Option 1: Return to Storage
The most conservative approach is to return scanned originals to their normal storage location and keep both physical and digital copies. This eliminates any risk of losing information — the digital copy provides fast access and searchability, while the original remains available as a backup.
The downside is cost. You are now paying for both physical storage and digital storage. If the goal of scanning was to reduce physical storage costs or free up office space, keeping the originals defeats that purpose.
This approach makes sense for:
- Documents where you are legally required to retain the physical original
- A transition period while you build confidence in your digital archive
- High-value irreplaceable documents where the original has intrinsic significance
Option 2: Verification Period Then Destruction
The most common approach is to hold the originals for a defined verification period after scanning — typically 3-6 months — then securely destroy them. During the verification period, you use the digital copies as your primary records while keeping the originals as a safety net.
This period allows you to:
- Verify that scans are complete — no missed pages
- Check image quality across a representative sample
- Confirm that OCR is accurate and searchable
- Test that your indexing and filing structure works in practice
- Identify any issues before the originals are gone
After the verification period, if no issues have been found, the originals are securely destroyed and you rely entirely on the digital copies. This gives you the best of both worlds — a safety net during transition, followed by the full cost and space savings of going digital.
Option 3: Immediate Destruction
Some organisations choose to destroy originals immediately after scanning — particularly for low-value routine records where the risk of scanning errors is outweighed by the immediate storage savings. This approach requires high confidence in your scanning quality, ideally supported by 100% quality assurance checking during the scanning process.
Immediate destruction is appropriate for routine documents with no legal requirement for original retention — invoices, general correspondence, internal memos. It is not appropriate for any documents that might need to be produced in original form.
Documents You Should Always Keep as Originals
- Deeds and conveyances: Original property deeds retain legal significance that copies do not
- Wills: Probate courts require the original signed will
- Documents under seal: Where the seal itself has legal significance
- Court orders with original stamps: Some proceedings require the original stamped order
- Share certificates: May be needed in original form for transfers
- Historical or heritage documents: Where the physical artefact has value beyond its informational content
Secure Destruction Process
When you do destroy originals, the destruction must be secure — particularly for documents containing personal data (which is a GDPR requirement) or confidential business information. The process should include:
- Cross-cut shredding to DIN 66399 standards (P-3 minimum, P-5 for sensitive material)
- Chain of custody documentation from removal to destruction
- Destruction carried out by a certified provider (EN 15713 standard)

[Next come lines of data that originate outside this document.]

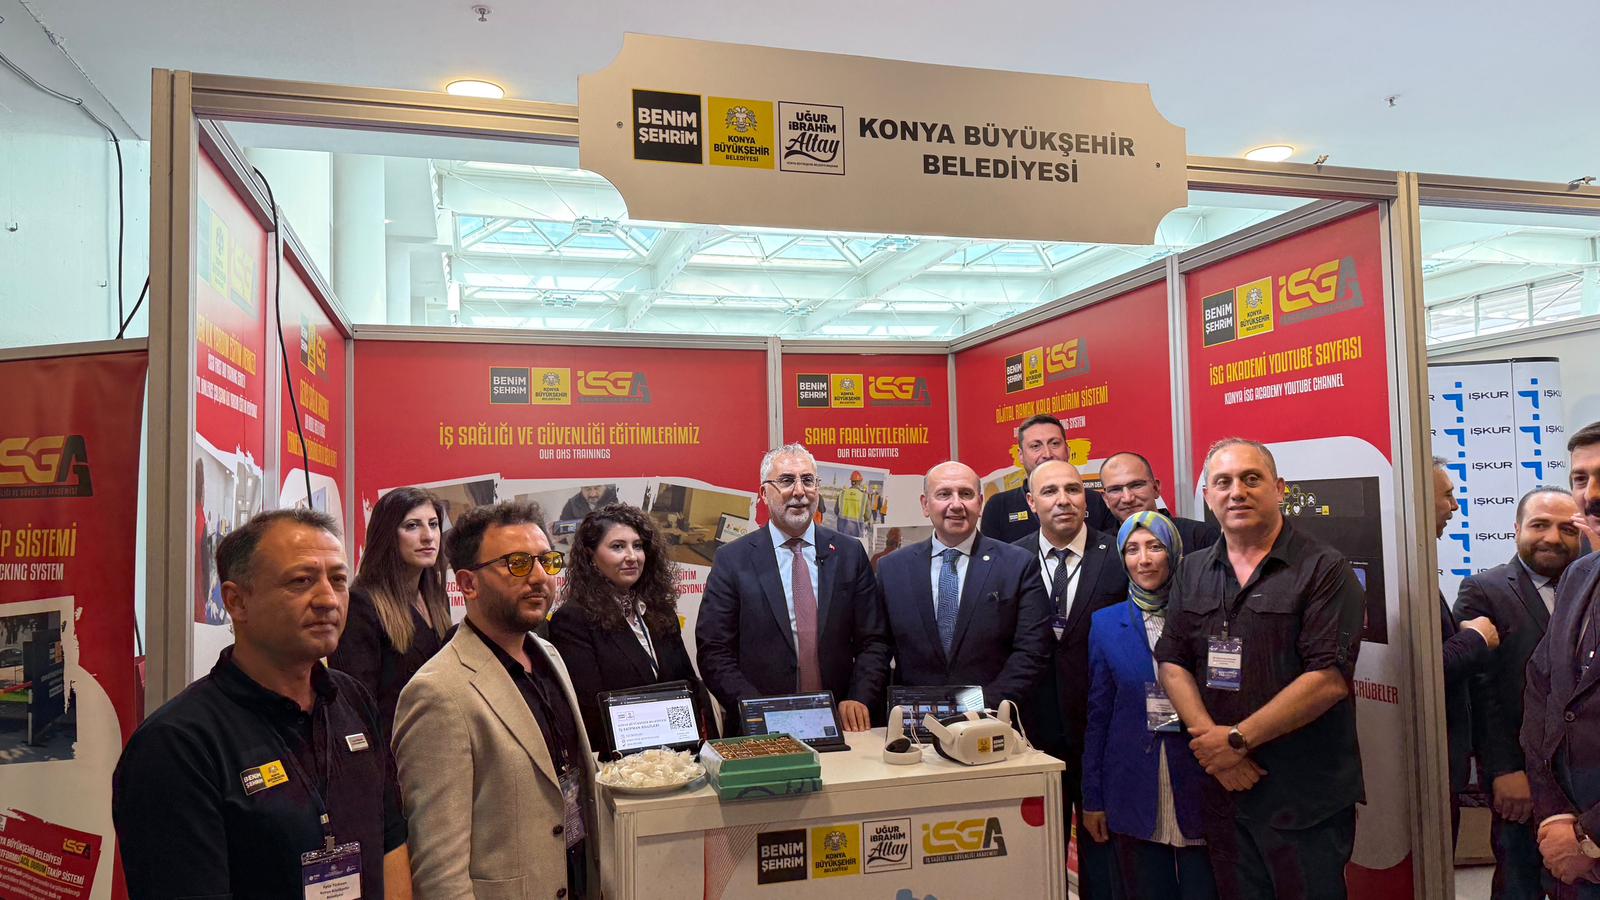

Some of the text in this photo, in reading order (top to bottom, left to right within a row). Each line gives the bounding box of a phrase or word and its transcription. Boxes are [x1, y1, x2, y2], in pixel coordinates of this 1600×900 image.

[796, 110, 828, 123] UĞUR
[728, 135, 755, 144] KONYA
[784, 132, 840, 162] Altay
[859, 117, 1135, 157] KONYA BÜYÜKŞEHİR
[714, 144, 770, 156] BÜYÜKŞEHİR
[923, 154, 1078, 183] BELEDİYESİ
[1210, 336, 1362, 386] İSG AKADEMİ YOUTUBE SAYFASI
[1082, 380, 1108, 408] SİSTEMİ
[1225, 373, 1344, 404] KONYA İSG ACADEMY YOUTUBE CHANNEL
[440, 422, 700, 449] İŞ SAĞLIĞI VE GÜVENLİĞİ EĞİTİMLERİMİZ
[805, 424, 928, 445] SAHA FAALİYETLERİMİZ
[539, 448, 611, 460] OUR OHS TRAININGS
[838, 447, 899, 458] OUR FIELD ACTIVITIES
[16, 522, 76, 558] SİSTEMİ
[0, 563, 64, 580] CKING SYSTEM
[876, 825, 900, 834] UĞUR
[867, 841, 908, 864] Altay
[62, 871, 85, 886] SİSTEMİ

- A destruction certificate documenting what was destroyed, when, and by whom
- Retention of the destruction certificate as a permanent record
Your scanning provider can usually arrange certified destruction of originals as part of the scanning project — either at their facility or through a partner shredding company.
BS 10008 and Destruction
If you plan to destroy originals and rely entirely on digital copies, compliance with BS 10008 provides the strongest legal protection. BS 10008 ensures your scanning process produces digital copies with the same evidential weight as the originals — meaning you can confidently destroy the paper knowing the digital version is legally equivalent.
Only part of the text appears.